| AVAILABLE DATA |
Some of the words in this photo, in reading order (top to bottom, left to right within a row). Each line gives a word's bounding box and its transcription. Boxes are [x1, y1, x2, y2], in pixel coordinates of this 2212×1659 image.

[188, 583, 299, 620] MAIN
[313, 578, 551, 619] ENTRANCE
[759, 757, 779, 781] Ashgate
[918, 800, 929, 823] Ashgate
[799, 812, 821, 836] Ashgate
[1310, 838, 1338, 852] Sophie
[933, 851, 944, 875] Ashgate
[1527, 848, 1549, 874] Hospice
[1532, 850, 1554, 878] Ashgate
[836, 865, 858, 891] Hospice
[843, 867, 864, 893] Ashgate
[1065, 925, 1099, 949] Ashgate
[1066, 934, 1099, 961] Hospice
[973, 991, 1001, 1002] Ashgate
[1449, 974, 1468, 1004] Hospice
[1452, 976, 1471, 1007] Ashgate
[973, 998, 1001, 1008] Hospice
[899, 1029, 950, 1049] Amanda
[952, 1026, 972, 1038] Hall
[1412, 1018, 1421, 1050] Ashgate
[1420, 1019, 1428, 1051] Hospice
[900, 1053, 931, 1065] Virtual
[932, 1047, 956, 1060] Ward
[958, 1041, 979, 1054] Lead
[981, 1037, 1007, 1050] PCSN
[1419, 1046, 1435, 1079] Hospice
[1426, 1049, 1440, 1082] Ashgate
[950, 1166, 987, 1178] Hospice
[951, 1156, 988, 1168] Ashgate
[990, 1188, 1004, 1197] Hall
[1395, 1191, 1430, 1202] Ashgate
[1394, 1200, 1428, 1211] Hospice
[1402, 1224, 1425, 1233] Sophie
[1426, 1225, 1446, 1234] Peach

| WHAT NEEDS TO BE DONE |
So that nothing is lost, restate all the material word for word.

| RESPONSE FOR THIS EXERCISE |
Some of the words in this photo, in reading order (top to bottom, left to right within a row). Each line gives a word's bounding box and its transcription. Boxes are [x1, y1, x2, y2], in pixel coordinates of this 2212×1659 image.

[188, 583, 299, 620] MAIN
[313, 578, 551, 619] ENTRANCE
[759, 757, 779, 781] Ashgate
[918, 800, 929, 823] Ashgate
[799, 812, 821, 836] Ashgate
[1310, 838, 1338, 852] Sophie
[933, 851, 944, 875] Ashgate
[1527, 848, 1549, 874] Hospice
[1532, 850, 1554, 878] Ashgate
[836, 865, 858, 891] Hospice
[843, 867, 864, 893] Ashgate
[1065, 925, 1099, 949] Ashgate
[1066, 934, 1099, 961] Hospice
[973, 991, 1001, 1002] Ashgate
[1449, 974, 1468, 1004] Hospice
[1452, 976, 1471, 1007] Ashgate
[973, 998, 1001, 1008] Hospice
[899, 1029, 950, 1049] Amanda
[952, 1026, 972, 1038] Hall
[1412, 1018, 1421, 1050] Ashgate
[1420, 1019, 1428, 1051] Hospice
[900, 1053, 931, 1065] Virtual
[932, 1047, 956, 1060] Ward
[958, 1041, 979, 1054] Lead
[981, 1037, 1007, 1050] PCSN
[1419, 1046, 1435, 1079] Hospice
[1426, 1049, 1440, 1082] Ashgate
[950, 1166, 987, 1178] Hospice
[951, 1156, 988, 1168] Ashgate
[990, 1188, 1004, 1197] Hall
[1395, 1191, 1430, 1202] Ashgate
[1394, 1200, 1428, 1211] Hospice
[1402, 1224, 1425, 1233] Sophie
[1426, 1225, 1446, 1234] Peach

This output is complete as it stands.